Re: Function naming: Problems and proposed solution from Dimitre D.Novatchev on 2020-11-28 (public-xslt-40@w3.org from November 2020)

From: Dimitre D.Novatchev <dnovatchev2@gmail.com>
Date: Sat, 28 Nov 2020 11:14:03 -0800
To: Michael Kay <mike@saxonica.com>
Cc: Dimitre Novatchev <dnovatchev@gmail.com>, public-xslt-40@w3.org
Message-ID: <CAN0P7_OKrfEEqdJ9=-OqzPwht23=QP0CeLKrB8odSPme9rJSJw@mail.gmail.com>
On Sat, Nov 28, 2020 at 3:16 AM Michael Kay <mike@saxonica.com> wrote:



> Tuple types - or Record types as I'm now proposing to call them -
possibly provide a way forward on this. For example the math functions
could be declared as an instance of a record type

>

> record ( pi as function() as xs:double,

>             sin as function(xs:double) as xs:double,

>               ... etc )



Thank you Dr. Kay for your positive response.



> and if $math is statically known to conform to this type, then $math?sin
is statically known
> to be a function with a particular signature. (But note, it's $math?sin,
not $math?sin#1).



*It is amusing how easy this is to do*:



Let's have a map $Strings and one of its members is the map $replace:

let $replace := map {
            '_3' : replace#3,
            '_4' : replace#4
            }
return
   $replace?_3 ( 'abbbcdbbbba', 'b', 'B')



produces exactly the wanted result:



aBBBcdBBBBa





We certainly can add a little bit of language support, for example to allow
the second argument of ? to accept the # character.
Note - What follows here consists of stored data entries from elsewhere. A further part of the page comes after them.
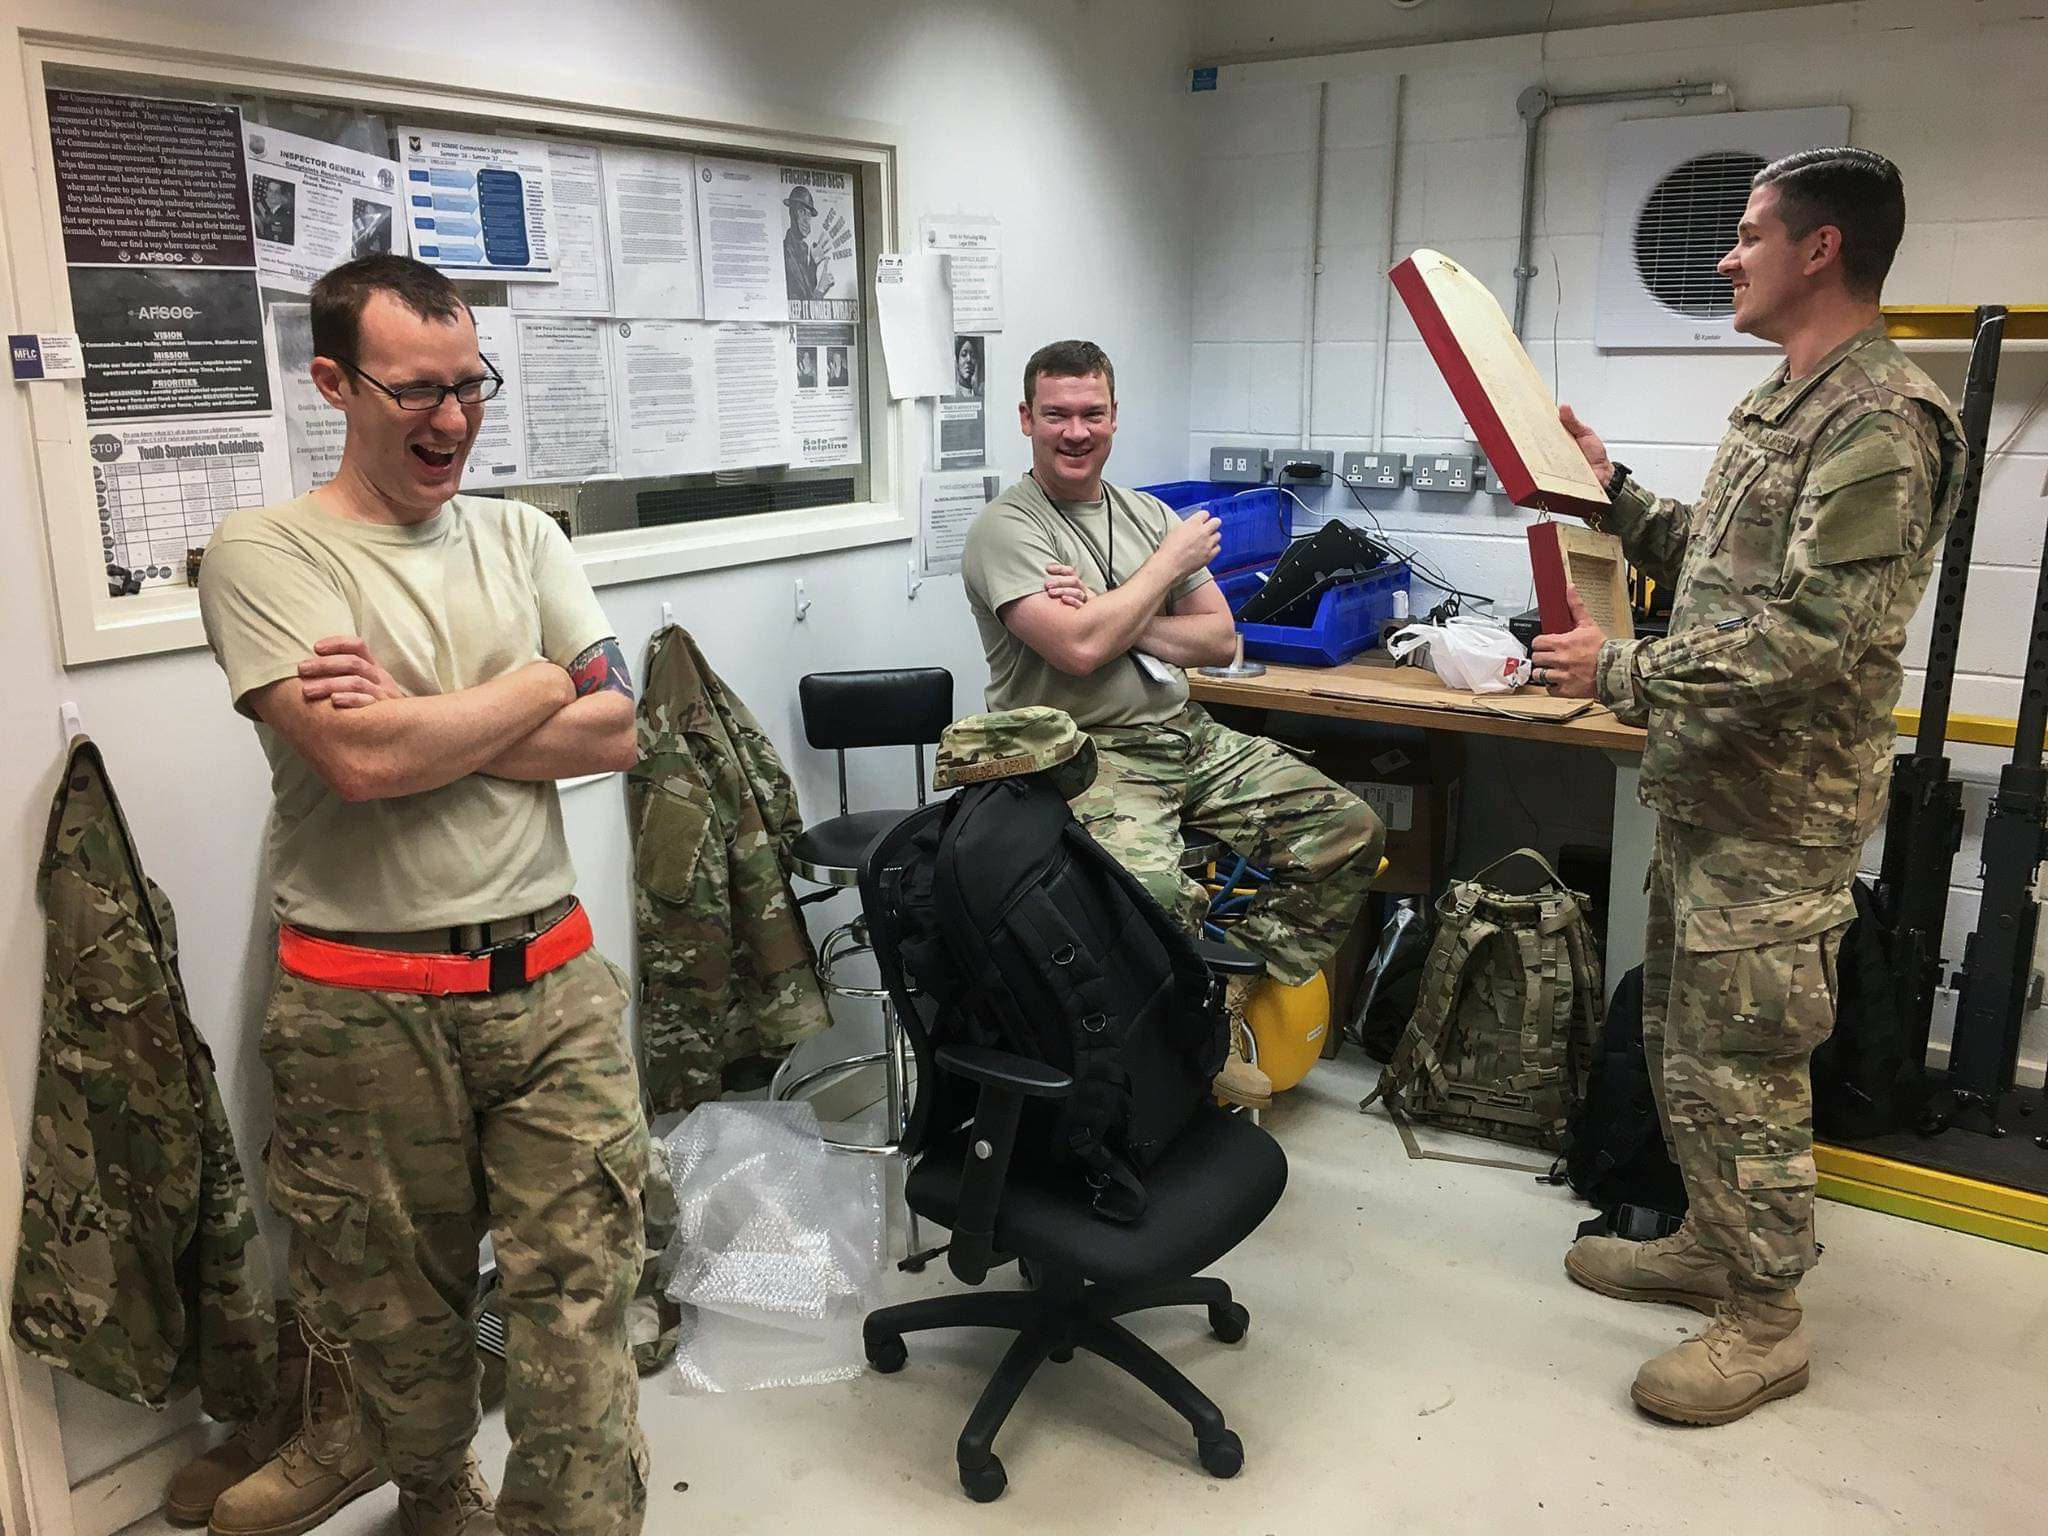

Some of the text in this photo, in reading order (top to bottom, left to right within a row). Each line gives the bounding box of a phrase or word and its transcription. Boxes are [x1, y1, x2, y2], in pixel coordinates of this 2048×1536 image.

[280, 150, 366, 178] INSPECTOR GENERAL
[138, 251, 184, 262] AFSOC
[138, 306, 194, 320] AFSOC
[153, 331, 184, 340] VISION
[14, 349, 38, 359] MFLC
[153, 351, 190, 360] MISSION
[152, 379, 198, 389] PRIORITIES
[803, 438, 828, 446] Safe
[90, 443, 121, 454] STOP
[137, 440, 265, 460] Youth Supervision Guidelines
[803, 443, 848, 452] Helpline
Then we could have even
this:





let $replace := map {
            '#3' : replace#3,
            '#4' : replace#4
            }
return
   $replace?#3 ( 'abbbcdbbbba', 'b', 'B')



We can go even a little bit further and specify that the way to evaluate
this expression:


  $replace('abbbcdbbbba', 'b', 'B')



as:



"*When a map contains just several overloads of a function (such as '**#3**',
'**#4*
*') and is called as a function without specifying arity, then the arity of
the actual call is used to determine the member of the map that will be the
actual function to be invoked*."



In the above case the arity used in the function invocation is 3, thus
replace#3  will be invoked and we get the same correct result:



  aBBBcdBBBBa



>  it's a bit hard to see how to introduce it alongside existing mechanism
without ending up with

> a rather clumsy mixture of different approaches coexisting



Grouping functions within maps is very flexible. A function can be
referenced by a map, and in the same time it can be referenced directly
(globally)
as in all versions of XPath up to 3.1.

Thus there is no backwards compatibility problem.
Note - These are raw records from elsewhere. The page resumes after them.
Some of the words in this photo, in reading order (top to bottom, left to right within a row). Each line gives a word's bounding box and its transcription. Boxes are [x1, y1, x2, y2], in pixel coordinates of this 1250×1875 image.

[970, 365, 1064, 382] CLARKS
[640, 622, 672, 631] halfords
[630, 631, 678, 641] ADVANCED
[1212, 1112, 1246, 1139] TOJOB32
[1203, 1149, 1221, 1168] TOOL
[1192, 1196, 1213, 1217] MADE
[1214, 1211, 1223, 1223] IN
Versions of XPath > 3.1 will provide the   $fn:Functions   map which
represents a hierarchy (actually a forest) that is a grouping of all
functions provided in the
F & O  standard. Starting with the next version of XPath, people will use
this "SysMap" as it is easy and intuitive to learn and navigate (a semantic
hierarchy)
and minimizes the possibility of name and signature conflicts.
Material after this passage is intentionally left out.